Dinsmore, who formerly worked at Cloudera, noted a difference in approaches to data science tooling between the two Hadoop vendors.
Cloudera offers the Cloudera Data Science Workbench, a data science platform that’s based on technology it acquired by buying startup Sense.io in 2016. On the other hand, beginning in 2017, Hortonworks has worked closely with IBM to provide a package of machine learning and AI tools based on the IBM Data Science Experience platform, Dinsmore said.
In the conference call about the merger, Hortonworks executives said the deal with IBM is scheduled to continue.
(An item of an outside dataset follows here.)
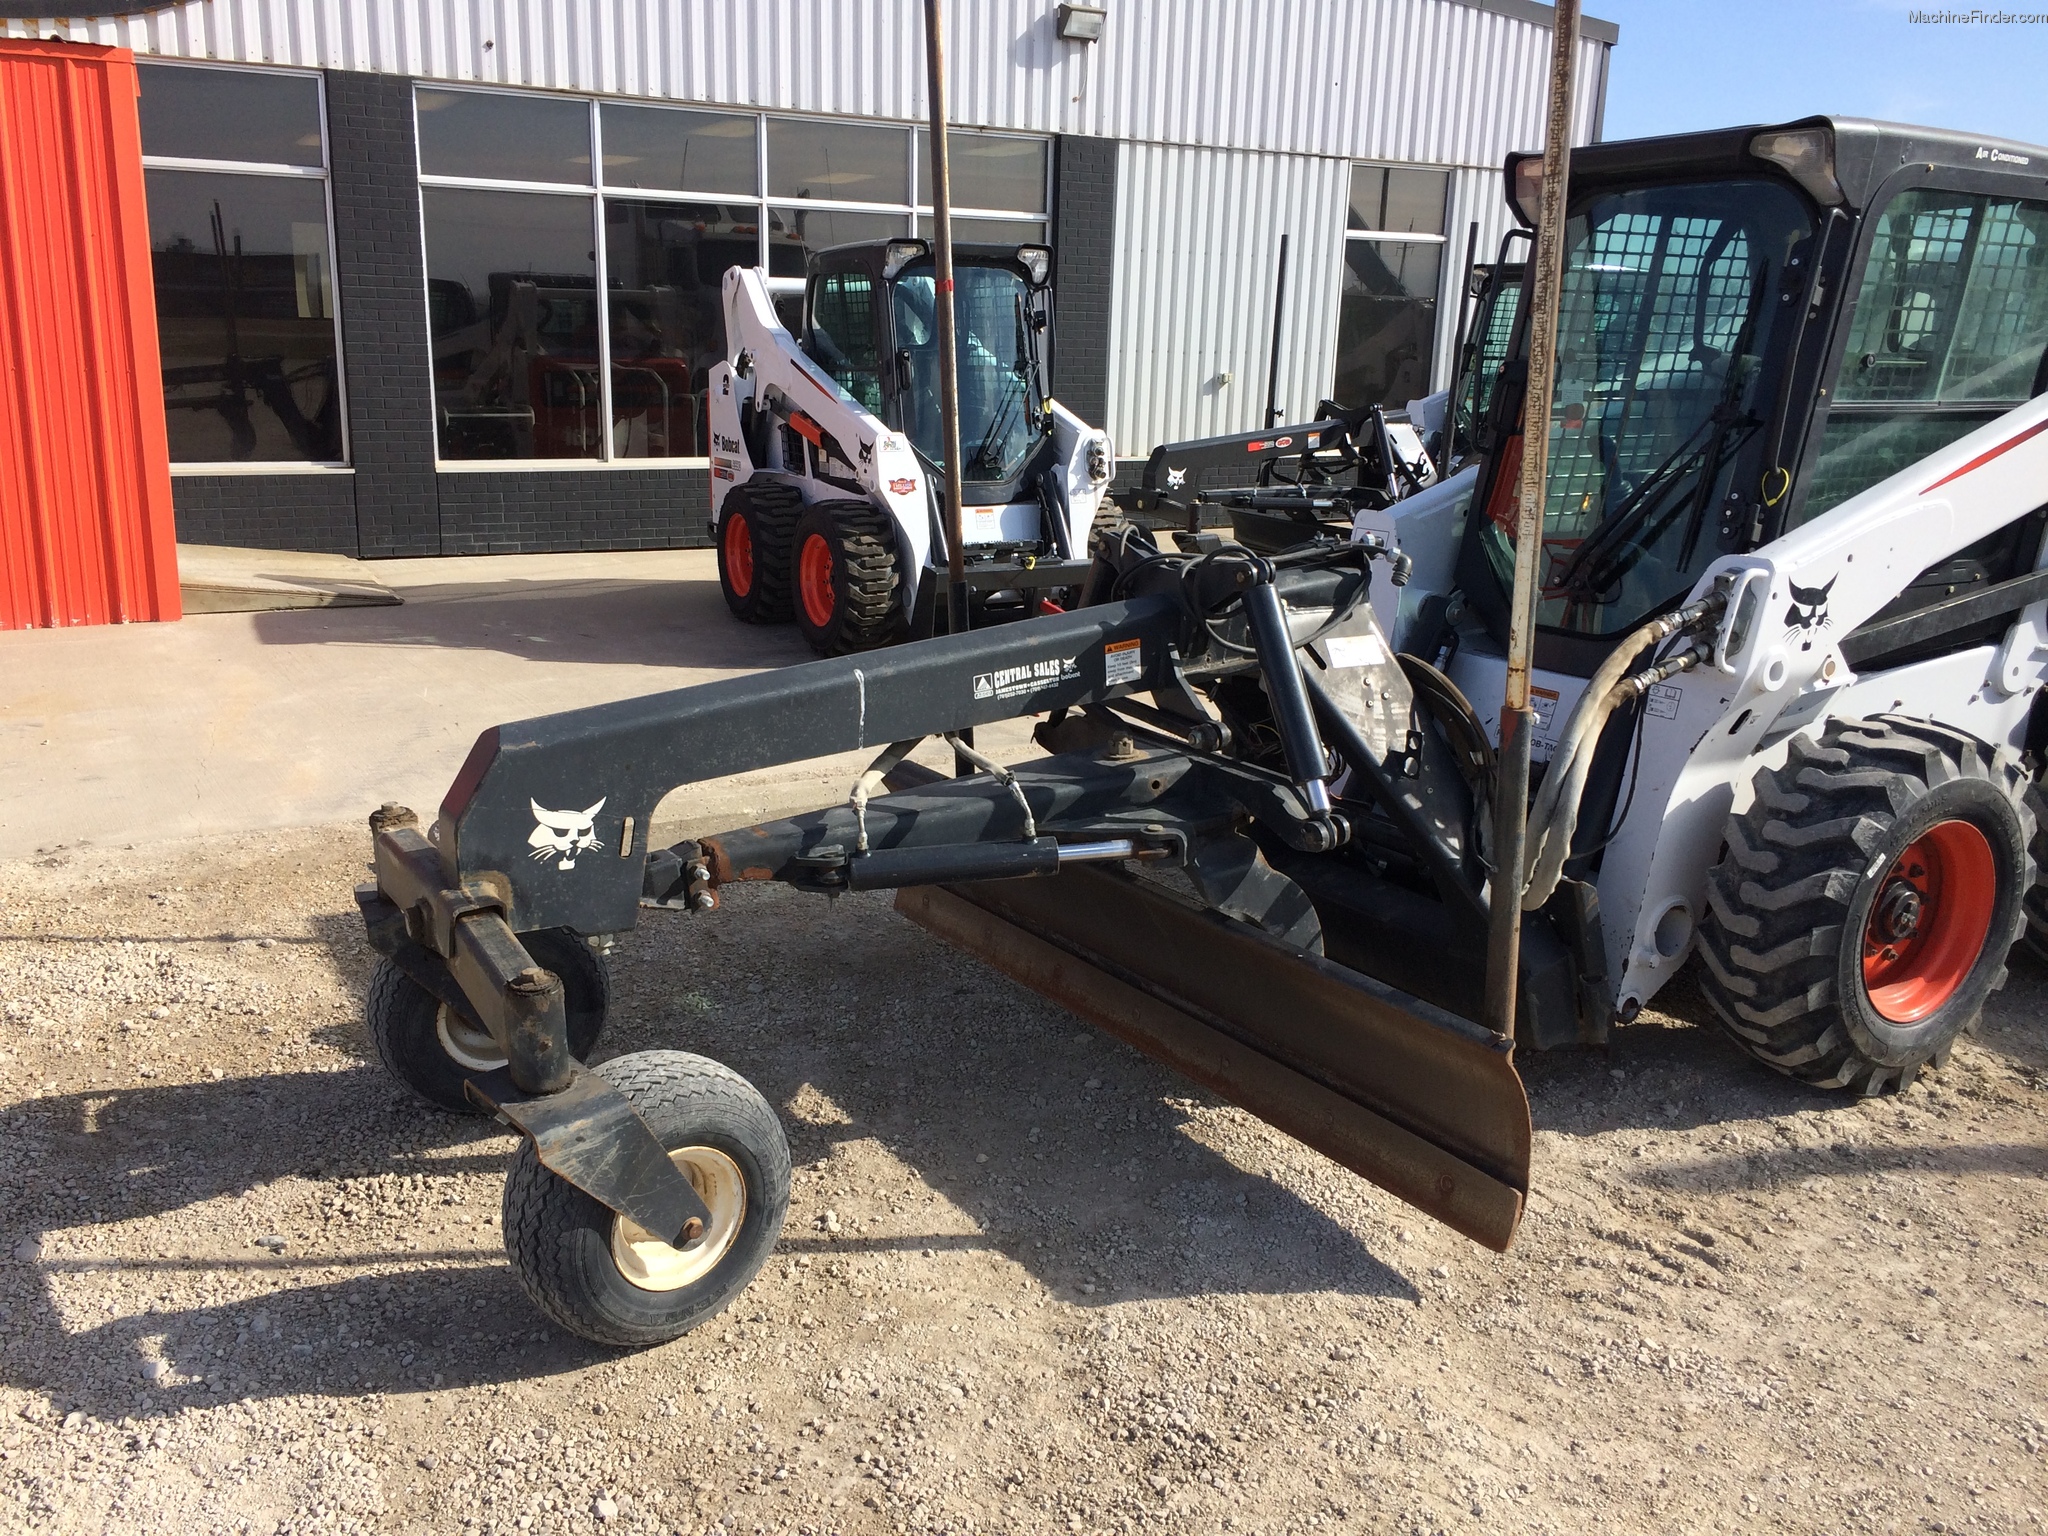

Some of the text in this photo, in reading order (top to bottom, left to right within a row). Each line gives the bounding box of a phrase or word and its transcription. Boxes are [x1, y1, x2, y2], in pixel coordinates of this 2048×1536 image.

Executives from both companies said they would continue separately to sell products until the Cloudera-Hortonworks deal is finalized. They pledged to support current users’ products for at least three years.
The executives expect the merger to close early in 2019, at which time they would be working on a unified platform they said would combine the strongest elements of each company’s technology.
Reilly said the merger would position the combined company to join engineering efforts for new cloud versions of their software, and pointed to expected cost savings to be gained in the pairing, including optimization of R&D work and expected efficiencies in corporate functions.
While there is a commonality in their use of open source Apache software, there also have been differences in the Hortonworks and Cloudera approaches. For its part, Hortonworks has pointedly claimed to most closely hew to Apache open source standards. Conversely, Cloudera has tended to put an emphasis on enterprise practicality somewhat ahead of standards purity, as has MapR.
“The biggest beneficiaries of the Cloudera-Hortonworks pairing will be the downstream users of Hortonworks that use cloud big data services accessed through their partner clouds,” said analyst Mike Matchett, founder of the Small World Big Data consultancy.
Meanwhile, Cloudera users may gain solace in the potential of a code base “re-merge,” with Hortonworks’ brand of big data, Matchett said.